Конечно, у такой «техноцеркви» не успели сложиться оргструктуры, не появилось своего «патриарха» и «епископов». Но пантеон «святых» возник. И там мы видим и русских: Константина Циолковского, Сергея Королёва, Петра Капицу, Игоря Курчатова, и евреев: ядерного академика Герша Будкера или открывателя феномена электровзрыва Льва Юткина. Грузина, ракетчика Александра Надирадзе, — и итальянца, авиаконструктора-визионёра Роберта Бартини.

Увы, в СССР могучую энергию такой «техноцеркви» полностью задействовать не смогли. А затем по такому отряду общества буквально косой прошлись горбачёвщина и последующий развал СССР. Как, впрочем, и торжество сырьевого мародёрства и деиндустриализации в 1990‑е. Часть «техноцерковников» обманулась и пошла за «реформаторами», но в итоге лишилась и среды своей деятельности, и средств к существованию. Так и не получив возможности осуществить изобретения и передовые разработки. Остальных просто душили нищетой и безработицей. Погибли великие журналы и студии научно-популярных фильмов.

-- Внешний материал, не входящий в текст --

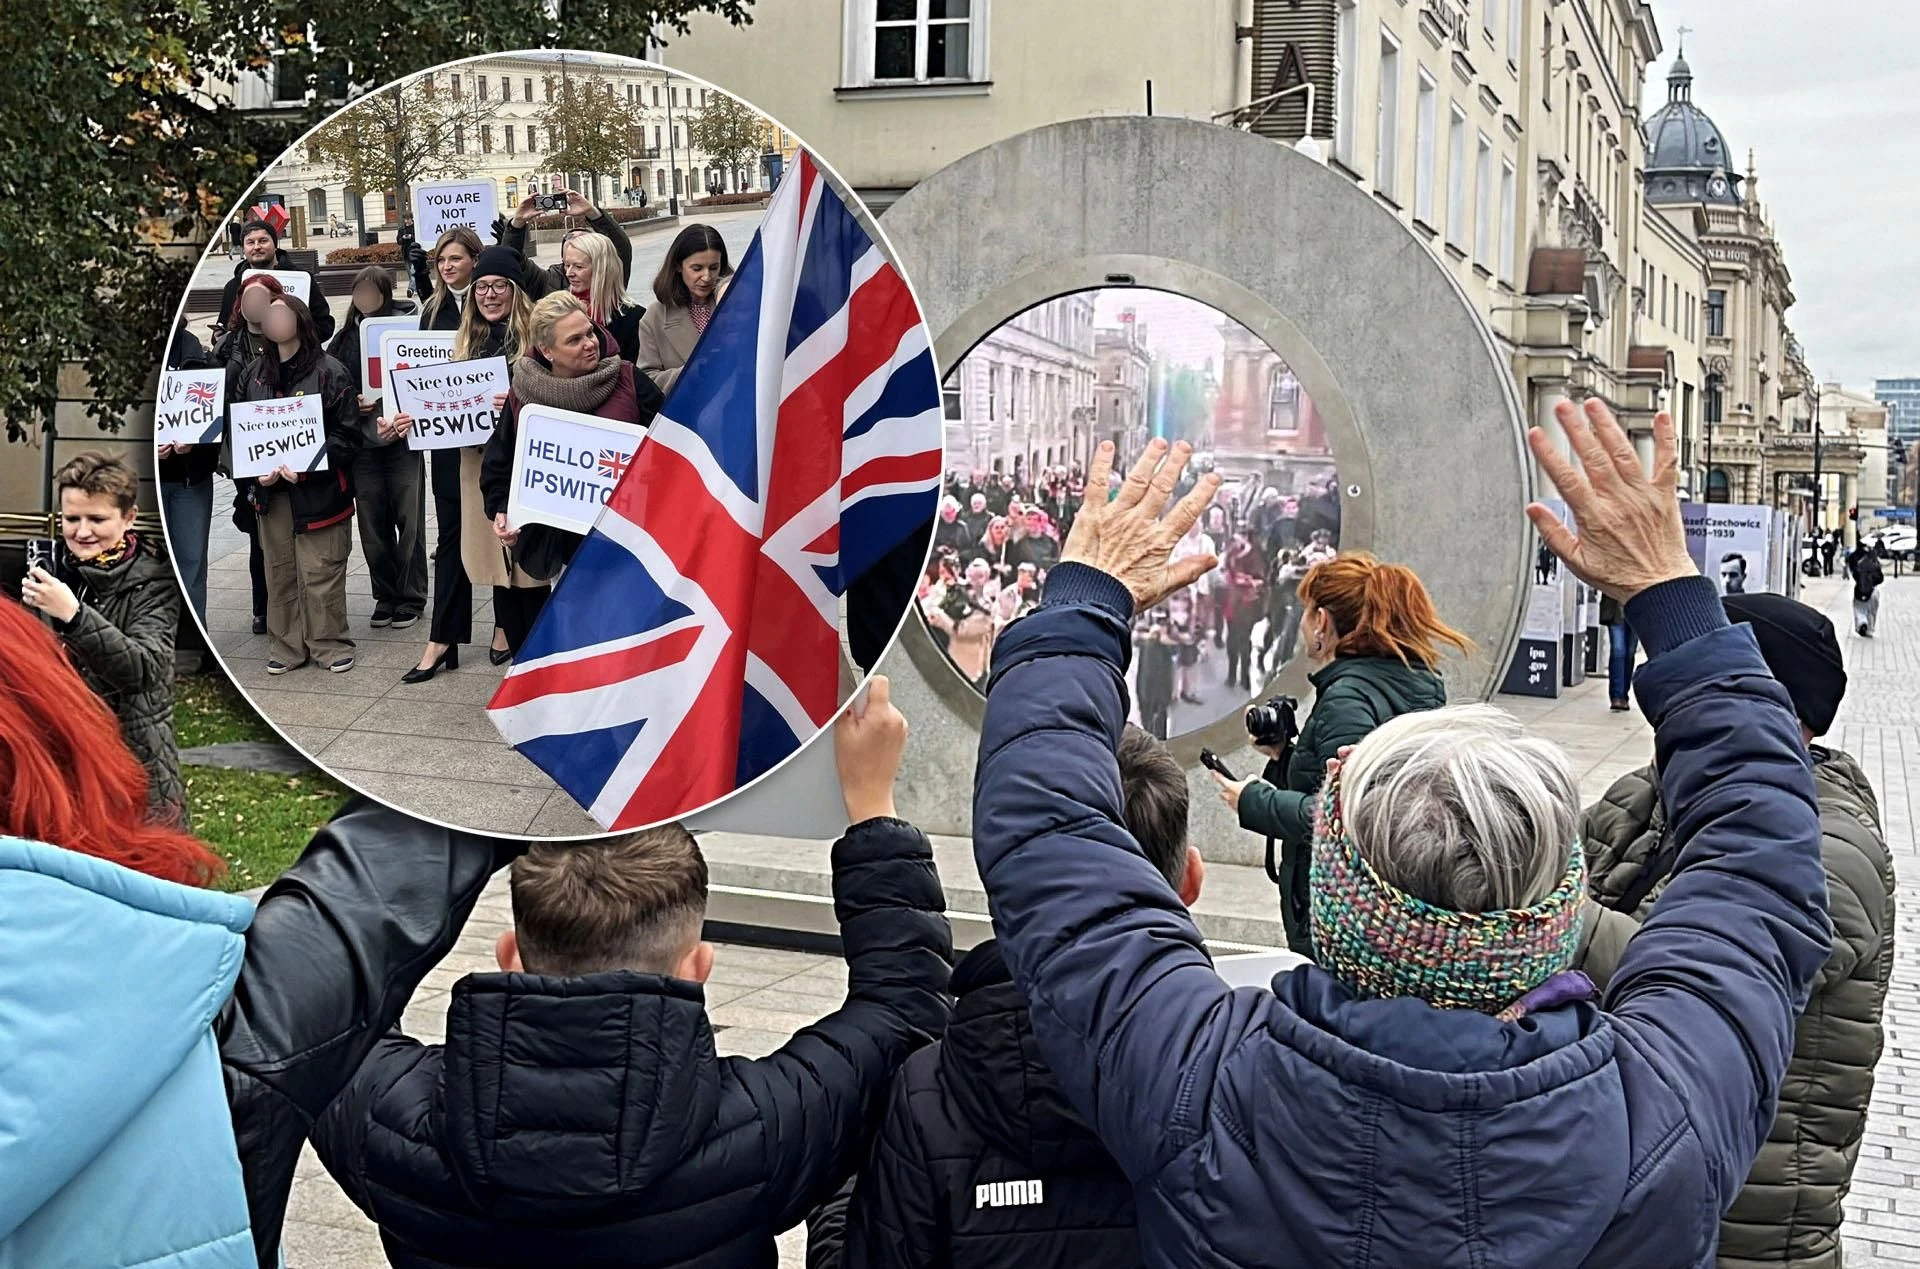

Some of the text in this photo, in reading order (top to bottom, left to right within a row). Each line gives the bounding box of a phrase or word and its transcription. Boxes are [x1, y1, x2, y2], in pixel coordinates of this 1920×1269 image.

Относится к сему отряду общества и автор сих строк, считая «техноцерковь» одним из ликов русского кода. Нас не добили. От времён СССР остались ценнейшие кадры. Возьмите хоть главу Института ядерной физики (ИЯФ) СО РАН академика Павла Логачева (1965 года рождения). Сын простых медиков из кемеровской глубинки, он в 1980 году, как одаренный школьник, стал учеником физико-математической школы в Новосибирске и впервые пришёл в ИЯФ тогда же. А после окончания Новосибирского госуниверситета трудился в этом центре отечественной атомной науки. Трудами и его предшественника, и его самого ИЯФ смог сохраниться даже в условиях мизерных бюджетных ассигнований в 1991–2020 годах, не потеряв уникальную производственно-технологическую базу и выжив за счёт участия в международных проектах.

А если взять моего ровесника Алексея Вуля, дончанина и строителя дизелей, опережающих по характеристикам иностранные? Он сам зарабатывает на своё КБ.

Есть и новые энтузиасты, уже из тех, кто родился или формировался после гибели СССР. Для меня олицетворением их выступают глава конструкторов беспилотника-носителя малых дронов Пётр Кривохижин и Вадим Жернов, директор частного КБ «Око», делающего максимально удешевлённые БПЛА ближнего и дальнего действия. В условиях полного отсутствия казённого финансирования, на кооперации с другими подвижниками и на сборе народных средств. Так возрождается наше племя. А если в РФ начнётся последовательная индустриализация, то рать энтузиастов науки и техники опять вырастет и окрепнет.

И в час суровый и решительный такие «техноцерковники» станут плечом к плечу с верующими.